--- Aim of the exercise ---
When you reach the line that contains "this 1536×2048 image." in the data below, copy it and every line after it exactly, adding nothing.

--- Data supplied ---
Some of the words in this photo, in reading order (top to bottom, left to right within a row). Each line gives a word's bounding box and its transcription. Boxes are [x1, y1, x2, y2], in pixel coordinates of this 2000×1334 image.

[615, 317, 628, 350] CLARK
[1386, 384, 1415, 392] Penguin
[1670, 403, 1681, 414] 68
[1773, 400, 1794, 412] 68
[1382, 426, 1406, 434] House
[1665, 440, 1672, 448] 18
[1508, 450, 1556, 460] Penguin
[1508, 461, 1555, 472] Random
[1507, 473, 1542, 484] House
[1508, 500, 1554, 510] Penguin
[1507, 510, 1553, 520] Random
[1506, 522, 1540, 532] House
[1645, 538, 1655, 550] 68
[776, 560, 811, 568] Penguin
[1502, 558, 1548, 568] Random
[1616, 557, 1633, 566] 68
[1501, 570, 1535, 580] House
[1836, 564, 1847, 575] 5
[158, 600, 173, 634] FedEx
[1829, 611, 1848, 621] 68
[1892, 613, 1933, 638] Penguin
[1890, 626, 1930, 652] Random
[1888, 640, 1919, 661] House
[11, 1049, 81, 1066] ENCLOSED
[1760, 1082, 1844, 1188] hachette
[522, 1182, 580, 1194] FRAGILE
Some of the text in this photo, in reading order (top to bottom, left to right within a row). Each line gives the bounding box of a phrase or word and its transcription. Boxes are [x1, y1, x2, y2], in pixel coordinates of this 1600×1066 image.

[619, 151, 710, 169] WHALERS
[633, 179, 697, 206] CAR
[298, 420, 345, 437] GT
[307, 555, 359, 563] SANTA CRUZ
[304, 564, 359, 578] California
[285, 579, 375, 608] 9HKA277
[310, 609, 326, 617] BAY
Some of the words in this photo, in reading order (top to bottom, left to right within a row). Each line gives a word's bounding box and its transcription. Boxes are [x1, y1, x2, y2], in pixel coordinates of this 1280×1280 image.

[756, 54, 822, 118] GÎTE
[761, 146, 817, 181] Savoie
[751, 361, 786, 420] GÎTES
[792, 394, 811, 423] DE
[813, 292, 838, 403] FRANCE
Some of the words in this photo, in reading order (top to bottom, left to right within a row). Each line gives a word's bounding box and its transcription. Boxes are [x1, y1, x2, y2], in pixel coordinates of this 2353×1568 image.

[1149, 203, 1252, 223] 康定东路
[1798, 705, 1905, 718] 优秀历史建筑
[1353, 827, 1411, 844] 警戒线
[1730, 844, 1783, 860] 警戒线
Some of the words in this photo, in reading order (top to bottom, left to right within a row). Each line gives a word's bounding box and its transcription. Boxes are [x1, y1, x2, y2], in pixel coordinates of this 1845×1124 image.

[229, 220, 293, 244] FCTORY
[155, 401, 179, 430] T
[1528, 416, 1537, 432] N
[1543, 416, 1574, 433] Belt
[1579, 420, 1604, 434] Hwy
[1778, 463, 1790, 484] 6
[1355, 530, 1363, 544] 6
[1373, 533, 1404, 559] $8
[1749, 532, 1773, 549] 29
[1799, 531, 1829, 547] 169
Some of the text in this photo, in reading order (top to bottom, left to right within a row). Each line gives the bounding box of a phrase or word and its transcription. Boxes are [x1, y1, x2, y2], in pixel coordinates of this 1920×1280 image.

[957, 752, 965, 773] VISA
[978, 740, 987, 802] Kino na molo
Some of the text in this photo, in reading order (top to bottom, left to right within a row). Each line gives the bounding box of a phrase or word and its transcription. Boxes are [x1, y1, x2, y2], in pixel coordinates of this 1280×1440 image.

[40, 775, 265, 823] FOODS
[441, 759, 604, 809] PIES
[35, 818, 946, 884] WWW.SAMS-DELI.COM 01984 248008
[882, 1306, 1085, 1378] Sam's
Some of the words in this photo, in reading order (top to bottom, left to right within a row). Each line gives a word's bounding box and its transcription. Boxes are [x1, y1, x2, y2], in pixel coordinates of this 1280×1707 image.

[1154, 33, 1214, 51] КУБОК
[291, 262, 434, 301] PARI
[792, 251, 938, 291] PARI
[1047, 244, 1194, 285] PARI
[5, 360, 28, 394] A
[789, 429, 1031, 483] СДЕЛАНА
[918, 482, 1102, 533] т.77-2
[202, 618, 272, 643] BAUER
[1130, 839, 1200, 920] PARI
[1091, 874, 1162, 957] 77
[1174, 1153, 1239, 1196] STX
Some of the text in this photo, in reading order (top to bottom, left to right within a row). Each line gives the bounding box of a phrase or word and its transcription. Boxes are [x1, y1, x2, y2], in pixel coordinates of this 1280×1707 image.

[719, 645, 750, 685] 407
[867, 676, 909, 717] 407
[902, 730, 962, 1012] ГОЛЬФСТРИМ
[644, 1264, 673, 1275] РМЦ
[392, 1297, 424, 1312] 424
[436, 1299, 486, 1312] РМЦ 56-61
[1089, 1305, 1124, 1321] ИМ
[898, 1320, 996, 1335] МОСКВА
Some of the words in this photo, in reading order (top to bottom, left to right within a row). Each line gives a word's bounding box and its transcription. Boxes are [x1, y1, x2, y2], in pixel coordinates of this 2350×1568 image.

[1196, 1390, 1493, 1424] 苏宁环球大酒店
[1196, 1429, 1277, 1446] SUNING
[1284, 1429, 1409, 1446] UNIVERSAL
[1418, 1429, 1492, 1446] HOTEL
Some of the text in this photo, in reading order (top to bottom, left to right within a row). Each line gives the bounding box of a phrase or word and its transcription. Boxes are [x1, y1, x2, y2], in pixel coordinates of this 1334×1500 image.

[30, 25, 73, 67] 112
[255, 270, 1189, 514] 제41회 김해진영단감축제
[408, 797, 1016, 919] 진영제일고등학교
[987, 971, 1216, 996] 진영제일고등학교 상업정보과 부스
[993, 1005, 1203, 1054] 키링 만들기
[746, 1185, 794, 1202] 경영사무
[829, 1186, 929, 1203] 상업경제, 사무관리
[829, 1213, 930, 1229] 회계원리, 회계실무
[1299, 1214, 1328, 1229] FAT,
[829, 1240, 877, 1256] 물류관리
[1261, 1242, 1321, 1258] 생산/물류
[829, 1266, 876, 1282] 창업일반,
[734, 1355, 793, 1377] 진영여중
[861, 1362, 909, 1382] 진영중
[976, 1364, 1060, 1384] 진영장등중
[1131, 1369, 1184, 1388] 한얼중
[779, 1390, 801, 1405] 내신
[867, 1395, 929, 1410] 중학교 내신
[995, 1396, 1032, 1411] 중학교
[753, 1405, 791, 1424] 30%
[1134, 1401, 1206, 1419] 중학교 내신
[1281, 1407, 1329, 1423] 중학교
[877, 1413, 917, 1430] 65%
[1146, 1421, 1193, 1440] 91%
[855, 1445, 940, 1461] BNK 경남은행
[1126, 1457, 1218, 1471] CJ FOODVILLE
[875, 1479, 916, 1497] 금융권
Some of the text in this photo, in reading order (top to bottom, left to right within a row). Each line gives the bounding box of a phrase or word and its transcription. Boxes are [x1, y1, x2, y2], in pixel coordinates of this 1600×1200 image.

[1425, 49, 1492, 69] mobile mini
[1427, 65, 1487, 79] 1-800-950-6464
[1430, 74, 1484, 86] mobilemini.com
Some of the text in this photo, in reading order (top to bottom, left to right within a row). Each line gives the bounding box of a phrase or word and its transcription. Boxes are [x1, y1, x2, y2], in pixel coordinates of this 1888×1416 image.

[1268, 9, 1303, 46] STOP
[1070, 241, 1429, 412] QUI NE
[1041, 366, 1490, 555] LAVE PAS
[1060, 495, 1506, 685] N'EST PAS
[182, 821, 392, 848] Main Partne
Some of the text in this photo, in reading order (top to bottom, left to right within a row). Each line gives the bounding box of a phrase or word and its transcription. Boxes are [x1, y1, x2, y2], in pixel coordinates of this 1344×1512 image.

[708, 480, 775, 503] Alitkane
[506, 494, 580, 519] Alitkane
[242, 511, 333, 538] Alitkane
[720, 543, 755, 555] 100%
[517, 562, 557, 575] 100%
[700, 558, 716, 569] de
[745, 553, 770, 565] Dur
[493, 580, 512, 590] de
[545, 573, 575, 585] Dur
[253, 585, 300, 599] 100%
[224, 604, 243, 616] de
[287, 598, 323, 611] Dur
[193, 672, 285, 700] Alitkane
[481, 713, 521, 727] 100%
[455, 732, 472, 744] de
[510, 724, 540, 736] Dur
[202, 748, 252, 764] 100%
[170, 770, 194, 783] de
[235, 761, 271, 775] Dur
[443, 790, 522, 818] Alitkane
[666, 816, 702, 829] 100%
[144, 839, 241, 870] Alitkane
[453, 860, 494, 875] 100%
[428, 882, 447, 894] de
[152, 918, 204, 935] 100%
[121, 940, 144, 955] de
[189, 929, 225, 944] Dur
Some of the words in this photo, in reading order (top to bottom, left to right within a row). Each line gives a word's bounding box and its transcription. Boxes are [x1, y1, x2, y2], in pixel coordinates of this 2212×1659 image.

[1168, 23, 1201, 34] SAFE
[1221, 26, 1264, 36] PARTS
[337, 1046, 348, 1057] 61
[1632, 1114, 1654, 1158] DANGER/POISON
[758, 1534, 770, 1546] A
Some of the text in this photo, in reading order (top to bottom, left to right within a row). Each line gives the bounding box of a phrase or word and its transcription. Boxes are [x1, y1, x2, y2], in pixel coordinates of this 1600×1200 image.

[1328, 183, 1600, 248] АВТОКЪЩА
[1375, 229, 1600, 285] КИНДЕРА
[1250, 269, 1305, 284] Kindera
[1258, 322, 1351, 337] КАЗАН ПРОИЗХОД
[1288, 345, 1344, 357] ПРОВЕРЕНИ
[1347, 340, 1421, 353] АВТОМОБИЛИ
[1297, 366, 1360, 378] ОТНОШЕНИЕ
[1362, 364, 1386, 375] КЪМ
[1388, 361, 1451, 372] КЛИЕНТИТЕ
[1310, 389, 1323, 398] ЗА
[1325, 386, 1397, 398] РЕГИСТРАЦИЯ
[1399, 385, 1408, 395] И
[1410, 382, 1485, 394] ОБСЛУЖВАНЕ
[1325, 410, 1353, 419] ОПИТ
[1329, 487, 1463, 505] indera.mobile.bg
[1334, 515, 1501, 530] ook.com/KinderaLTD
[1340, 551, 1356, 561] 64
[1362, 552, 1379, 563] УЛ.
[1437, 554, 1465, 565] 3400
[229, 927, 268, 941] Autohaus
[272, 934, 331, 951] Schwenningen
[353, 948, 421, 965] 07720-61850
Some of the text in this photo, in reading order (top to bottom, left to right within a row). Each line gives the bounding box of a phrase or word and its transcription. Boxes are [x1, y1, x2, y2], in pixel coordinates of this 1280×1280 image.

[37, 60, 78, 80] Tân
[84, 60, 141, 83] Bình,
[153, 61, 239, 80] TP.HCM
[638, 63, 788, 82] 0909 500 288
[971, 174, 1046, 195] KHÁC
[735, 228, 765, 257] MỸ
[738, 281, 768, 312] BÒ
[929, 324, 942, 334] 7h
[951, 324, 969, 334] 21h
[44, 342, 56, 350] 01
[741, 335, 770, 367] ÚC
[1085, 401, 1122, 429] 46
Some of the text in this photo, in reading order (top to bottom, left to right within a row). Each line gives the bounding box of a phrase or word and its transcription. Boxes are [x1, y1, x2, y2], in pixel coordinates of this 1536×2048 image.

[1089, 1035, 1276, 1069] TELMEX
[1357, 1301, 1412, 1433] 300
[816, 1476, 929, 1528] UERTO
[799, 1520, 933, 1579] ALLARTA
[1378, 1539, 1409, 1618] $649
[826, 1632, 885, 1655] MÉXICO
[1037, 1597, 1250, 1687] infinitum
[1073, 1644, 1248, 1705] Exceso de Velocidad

--- Result of this exercise ---
Some of the text in this photo, in reading order (top to bottom, left to right within a row). Each line gives the bounding box of a phrase or word and its transcription. Boxes are [x1, y1, x2, y2], in pixel coordinates of this 1536×2048 image.

[1089, 1035, 1276, 1069] TELMEX
[1357, 1301, 1412, 1433] 300
[816, 1476, 929, 1528] UERTO
[799, 1520, 933, 1579] ALLARTA
[1378, 1539, 1409, 1618] $649
[826, 1632, 885, 1655] MÉXICO
[1037, 1597, 1250, 1687] infinitum
[1073, 1644, 1248, 1705] Exceso de Velocidad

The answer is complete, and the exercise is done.